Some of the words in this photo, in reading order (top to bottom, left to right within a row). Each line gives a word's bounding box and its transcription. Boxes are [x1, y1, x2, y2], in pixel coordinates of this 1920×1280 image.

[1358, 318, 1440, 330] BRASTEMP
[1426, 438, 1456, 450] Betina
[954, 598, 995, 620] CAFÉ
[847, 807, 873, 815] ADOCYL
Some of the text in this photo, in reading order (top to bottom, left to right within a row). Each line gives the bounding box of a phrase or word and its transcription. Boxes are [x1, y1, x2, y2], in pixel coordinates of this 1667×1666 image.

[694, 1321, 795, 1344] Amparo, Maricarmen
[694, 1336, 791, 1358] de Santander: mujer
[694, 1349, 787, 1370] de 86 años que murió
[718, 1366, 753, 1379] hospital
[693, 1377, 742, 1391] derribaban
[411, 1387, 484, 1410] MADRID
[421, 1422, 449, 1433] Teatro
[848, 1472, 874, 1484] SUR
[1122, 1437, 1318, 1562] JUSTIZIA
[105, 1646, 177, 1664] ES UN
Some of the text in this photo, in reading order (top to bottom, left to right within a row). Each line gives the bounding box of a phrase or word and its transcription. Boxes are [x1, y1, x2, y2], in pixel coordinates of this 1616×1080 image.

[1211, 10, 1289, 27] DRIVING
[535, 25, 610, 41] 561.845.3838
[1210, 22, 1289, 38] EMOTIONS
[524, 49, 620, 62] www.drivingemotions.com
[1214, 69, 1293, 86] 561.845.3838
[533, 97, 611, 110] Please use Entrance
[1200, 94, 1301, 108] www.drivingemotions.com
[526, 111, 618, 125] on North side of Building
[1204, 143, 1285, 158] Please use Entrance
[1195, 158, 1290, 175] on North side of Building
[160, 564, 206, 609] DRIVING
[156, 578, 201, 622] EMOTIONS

---+---

| PROBLEM TO WORK ON |
Write out word for word every line from the one containing "this 1616×1080 image." through the last line of the data, and no other line.

| SOLUTION TO THE PROBLEM |
Some of the text in this photo, in reading order (top to bottom, left to right within a row). Each line gives the bounding box of a phrase or word and its transcription. Boxes are [x1, y1, x2, y2], in pixel coordinates of this 1616×1080 image.

[1211, 10, 1289, 27] DRIVING
[535, 25, 610, 41] 561.845.3838
[1210, 22, 1289, 38] EMOTIONS
[524, 49, 620, 62] www.drivingemotions.com
[1214, 69, 1293, 86] 561.845.3838
[533, 97, 611, 110] Please use Entrance
[1200, 94, 1301, 108] www.drivingemotions.com
[526, 111, 618, 125] on North side of Building
[1204, 143, 1285, 158] Please use Entrance
[1195, 158, 1290, 175] on North side of Building
[160, 564, 206, 609] DRIVING
[156, 578, 201, 622] EMOTIONS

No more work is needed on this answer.